Collected data:
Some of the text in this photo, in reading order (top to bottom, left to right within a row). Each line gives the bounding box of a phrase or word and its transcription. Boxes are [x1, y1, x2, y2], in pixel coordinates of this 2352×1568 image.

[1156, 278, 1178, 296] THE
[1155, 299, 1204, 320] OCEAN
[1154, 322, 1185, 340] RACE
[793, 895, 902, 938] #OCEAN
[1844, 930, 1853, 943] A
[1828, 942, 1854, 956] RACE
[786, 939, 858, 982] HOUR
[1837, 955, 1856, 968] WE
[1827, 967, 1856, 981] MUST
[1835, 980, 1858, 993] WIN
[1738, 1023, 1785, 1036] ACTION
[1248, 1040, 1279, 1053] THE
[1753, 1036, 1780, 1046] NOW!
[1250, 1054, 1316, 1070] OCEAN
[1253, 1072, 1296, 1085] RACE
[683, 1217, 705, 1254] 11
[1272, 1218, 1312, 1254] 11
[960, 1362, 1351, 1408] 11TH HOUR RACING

§ EXERCISE REQUIREMENTS:
Please give each line above again, word for word.

§ FINAL ANSWER:
Some of the text in this photo, in reading order (top to bottom, left to right within a row). Each line gives the bounding box of a phrase or word and its transcription. Boxes are [x1, y1, x2, y2], in pixel coordinates of this 2352×1568 image.

[1156, 278, 1178, 296] THE
[1155, 299, 1204, 320] OCEAN
[1154, 322, 1185, 340] RACE
[793, 895, 902, 938] #OCEAN
[1844, 930, 1853, 943] A
[1828, 942, 1854, 956] RACE
[786, 939, 858, 982] HOUR
[1837, 955, 1856, 968] WE
[1827, 967, 1856, 981] MUST
[1835, 980, 1858, 993] WIN
[1738, 1023, 1785, 1036] ACTION
[1248, 1040, 1279, 1053] THE
[1753, 1036, 1780, 1046] NOW!
[1250, 1054, 1316, 1070] OCEAN
[1253, 1072, 1296, 1085] RACE
[683, 1217, 705, 1254] 11
[1272, 1218, 1312, 1254] 11
[960, 1362, 1351, 1408] 11TH HOUR RACING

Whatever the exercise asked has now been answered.